RadGazeGen: Radiomics and Gaze-guided Medical Image Generation using Diffusion Models

Abstract

In this work, we present RadGazeGen, a novel framework for integrating experts' eye gaze patterns and radiomic feature maps as controls to text-to-image diffusion models for high fidelity medical image generation. Despite the recent success of text-to-image diffusion models, text descriptions are often found to be inadequate and fail to convey detailed disease-specific information to these models to generate clinically accurate images. The anatomy, disease texture patterns, and location of the disease are extremely important to generate realistic images; moreover the fidelity of image generation can have significant implications in downstream tasks involving disease diagnosis or treatment repose assessment. Hence, there is a growing need to carefully define the controls used in diffusion models for medical image generation. Eye gaze patterns of radiologists are important visuo-cognitive information, indicative of subtle disease patterns and spatial location. Radiomic features further provide important subvisual cues regarding disease phenotype. In this work, we propose to use these gaze patterns in combination with standard radiomics descriptors, as controls, to generate anatomically correct and disease-aware medical images. RadGazeGen is evaluated for image generation quality and diversity on the REFLACX dataset. To demonstrate clinical applicability, we also show classification performance on the generated images from the CheXpert test set (n=500) and long-tailed learning performance on the MIMIC-CXR-LT test set (n=23550).

Figures (7)

• Figure 1: A. Baseline methods add generic controls (for example text) to the diffusion models for medical image generation, B. Our method, RadGazeGen, combines different radiomics filter maps and lung segmentation mask with radiologist's eye gaze patterns, and uses these controls for clinically accurate medical image generation.

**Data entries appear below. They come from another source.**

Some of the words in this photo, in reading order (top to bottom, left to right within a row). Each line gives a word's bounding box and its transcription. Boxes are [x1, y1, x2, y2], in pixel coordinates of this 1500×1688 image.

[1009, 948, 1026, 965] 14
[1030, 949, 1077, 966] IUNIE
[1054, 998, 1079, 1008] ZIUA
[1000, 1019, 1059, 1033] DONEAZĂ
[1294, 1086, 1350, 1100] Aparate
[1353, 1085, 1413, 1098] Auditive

• Figure 2: Overview of RadGazeGen pipeline.A. Generated CXRs for different radiomics filter maps and lung segmentation mask as controls, B. Generated CXRs when more than one controls are fused, and C. Different components of Rad-CN and HVA-CN.

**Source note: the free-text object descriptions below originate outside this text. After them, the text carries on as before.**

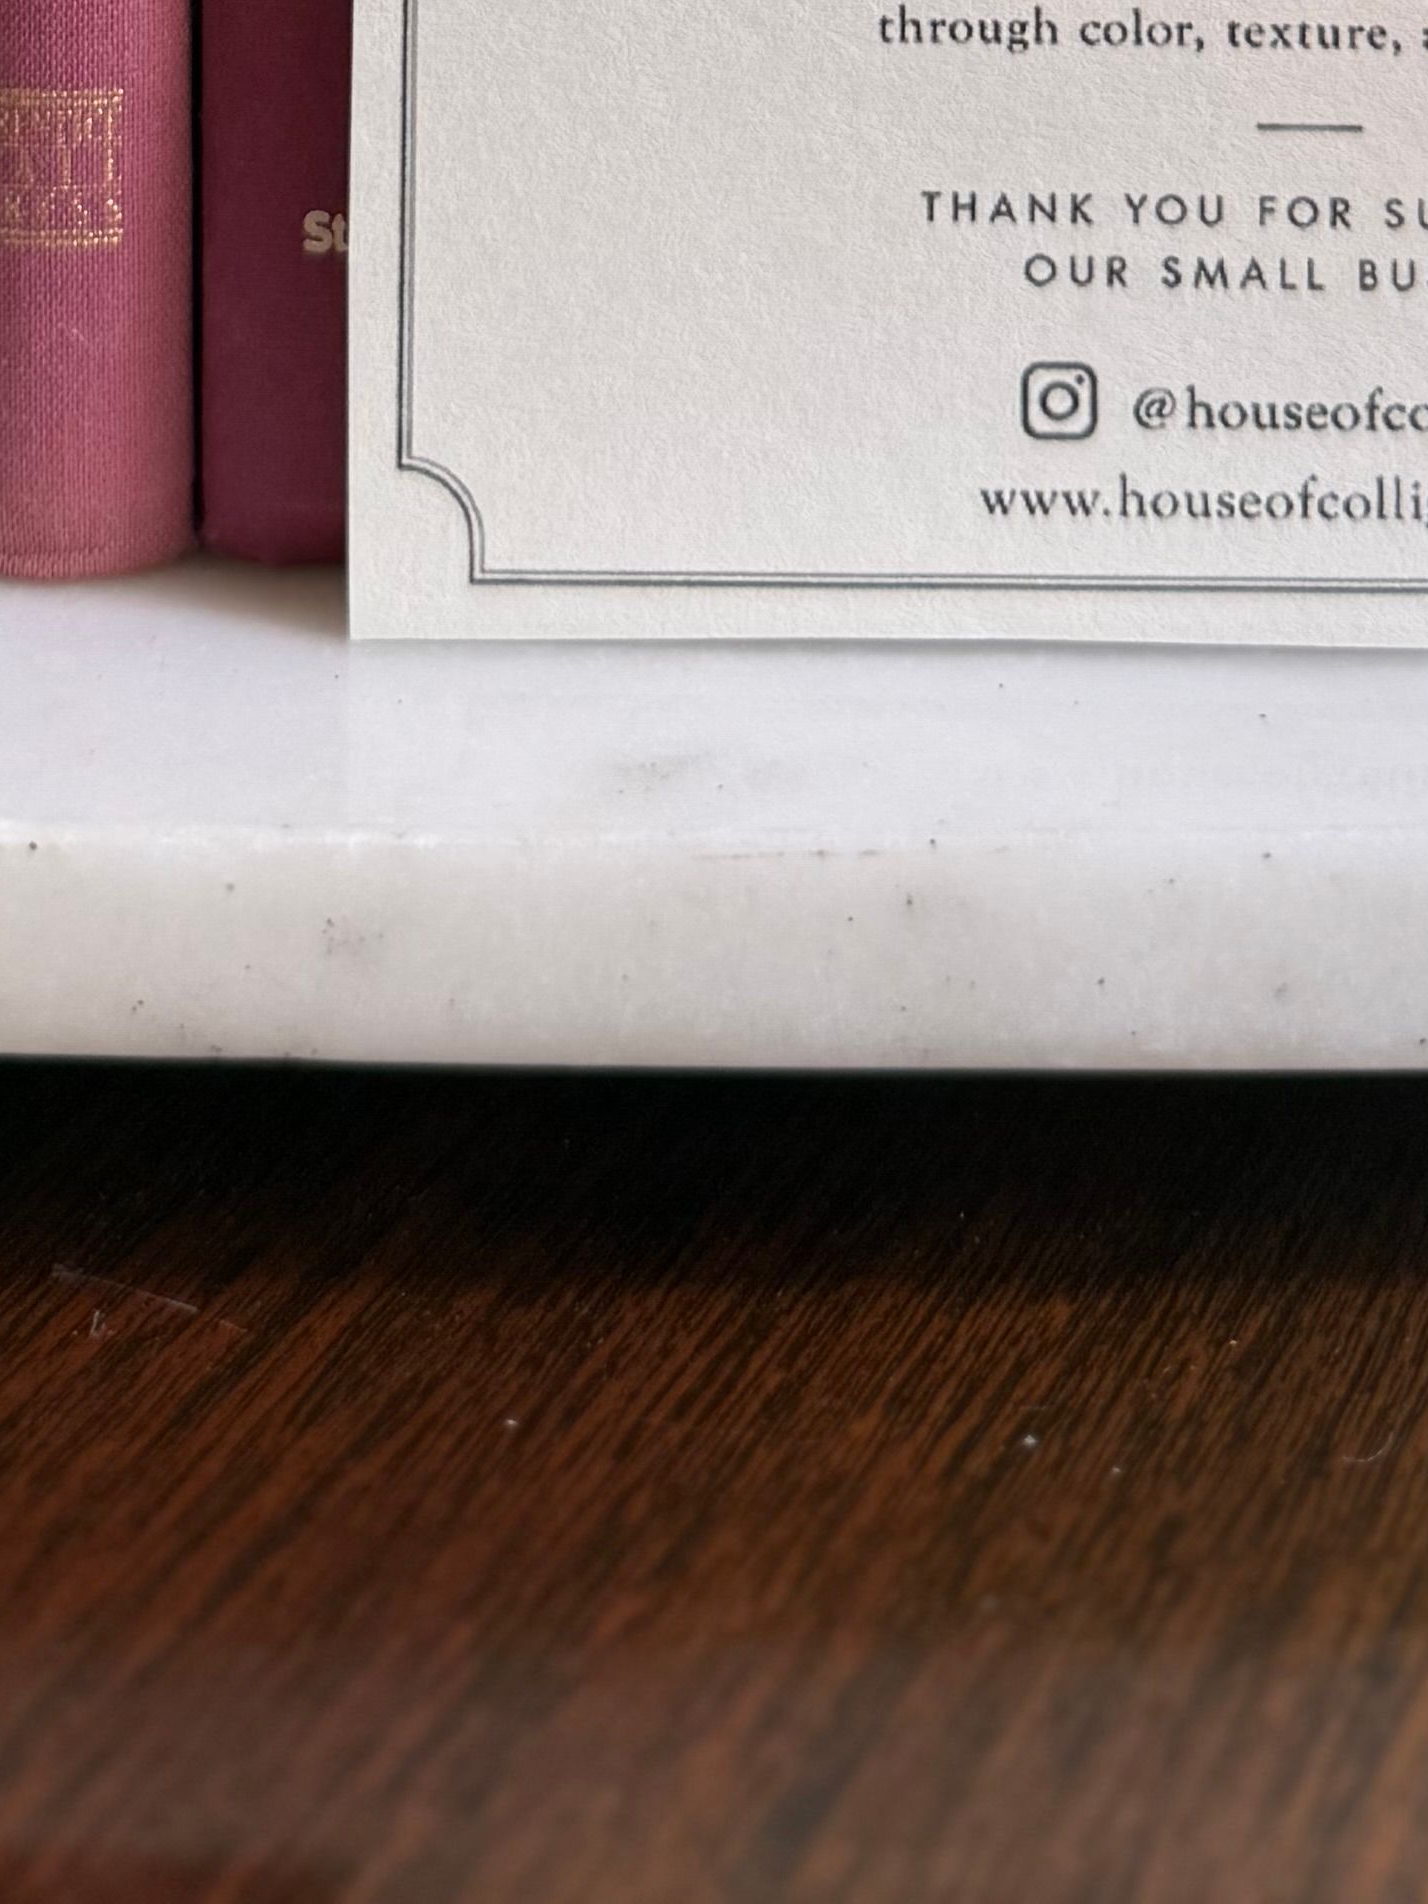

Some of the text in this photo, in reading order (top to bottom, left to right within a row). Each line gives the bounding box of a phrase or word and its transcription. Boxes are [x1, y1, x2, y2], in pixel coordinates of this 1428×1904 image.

[879, 6, 1058, 54] through
[1079, 8, 1204, 53] color,
[1228, 21, 1401, 56] texture,
[921, 191, 1093, 226] THANK
[1125, 194, 1223, 228] YOU
[1259, 196, 1351, 230] FOR
[1024, 254, 1127, 288] OUR
[1162, 256, 1324, 291] SMALL

• Figure 3: Overview of the Rad-CN and HVA-CN architecture. The pre-trained SD model is locked and the Rad-CN (shown in A) and HVA-CN (shown in B) are finetuned by making a trainable copy of the SD model.

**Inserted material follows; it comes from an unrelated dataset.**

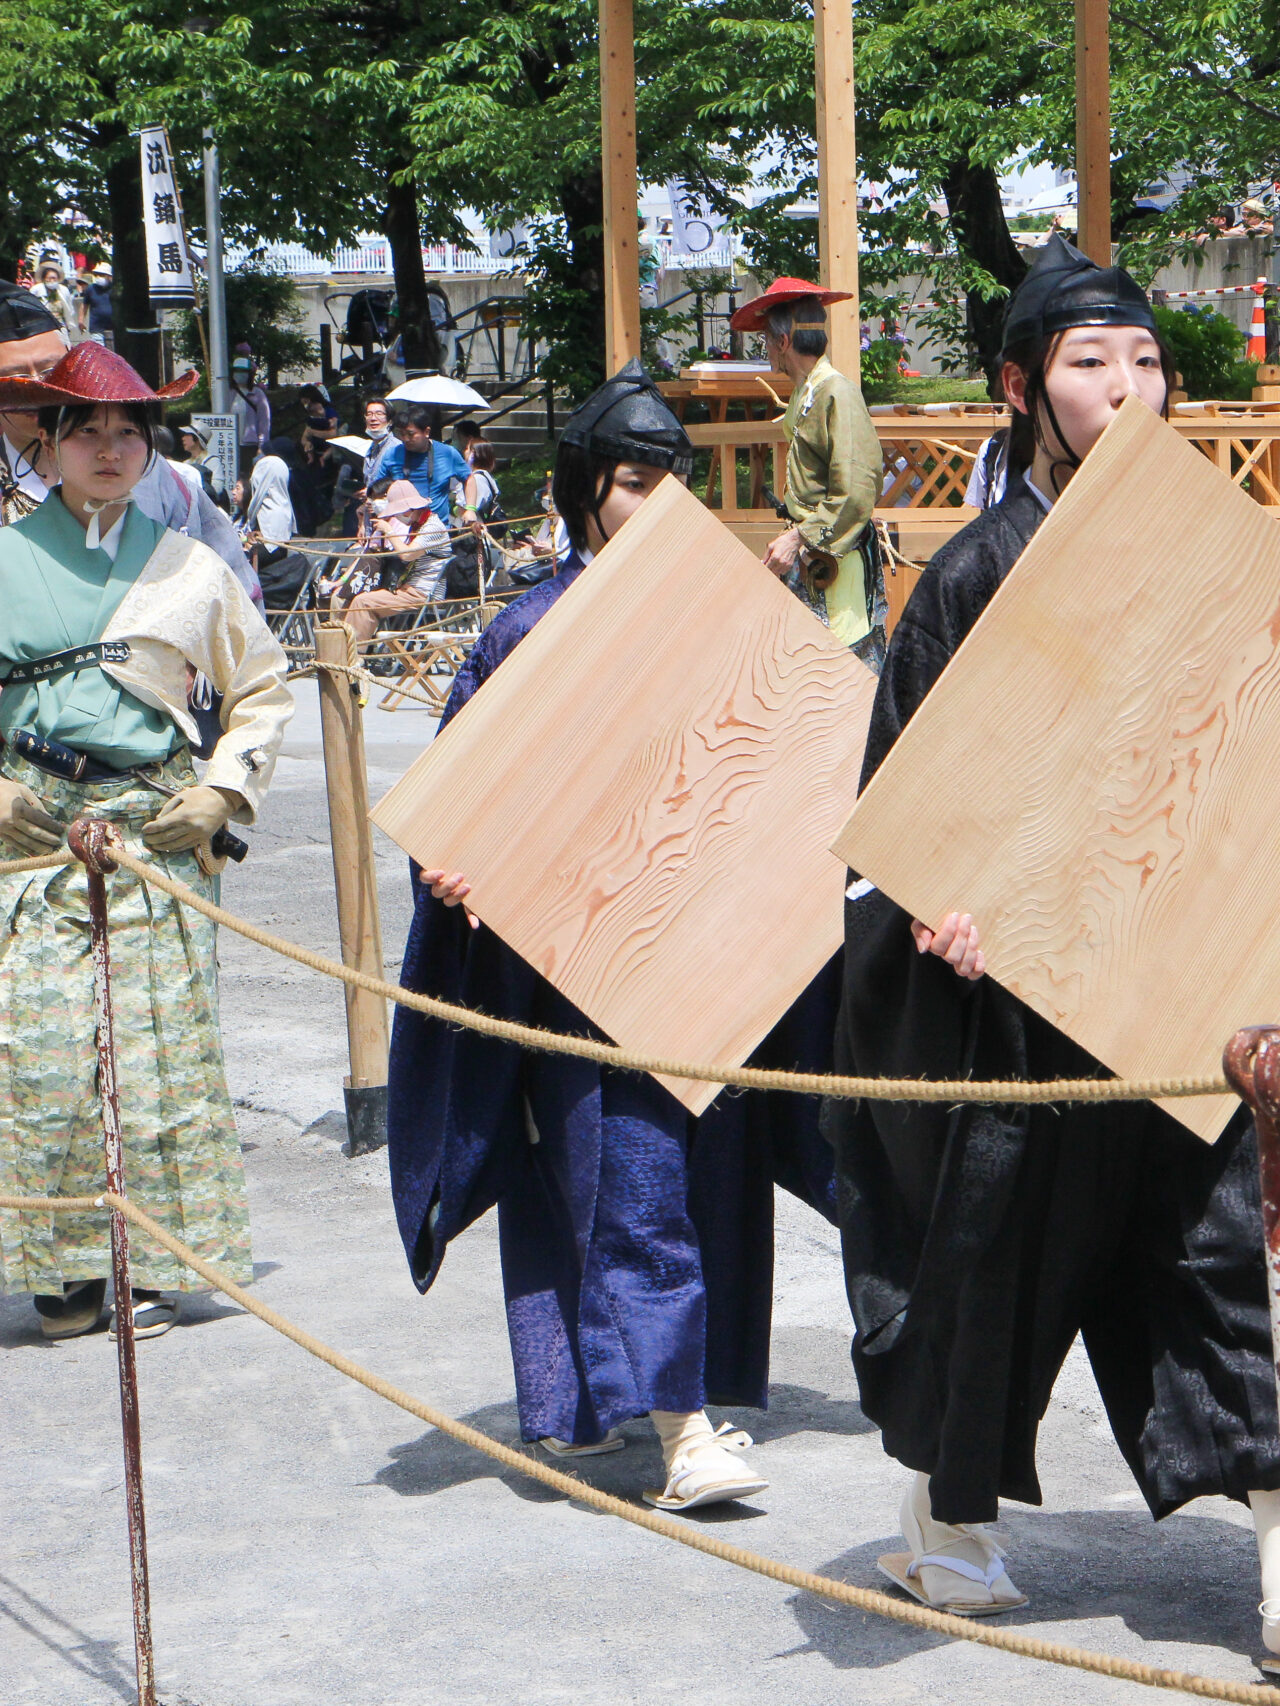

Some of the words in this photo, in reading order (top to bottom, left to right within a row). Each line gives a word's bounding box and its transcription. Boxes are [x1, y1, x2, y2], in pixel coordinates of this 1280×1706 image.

[147, 140, 183, 274] 流鏑馬
[194, 417, 234, 428] 投棄禁止

• Figure 4: Hypotheses generation. HVA maps are thresholded to create masks, which are then mapped to various disease pathologies to generate hypotheses.
• Figure 5: Qualitative comparison. The generated CXRs for different baselines are shown along with the corresponding radiologist's text and the original image. We also show the radiologist's annotations of the disease occurrence (red bounding box).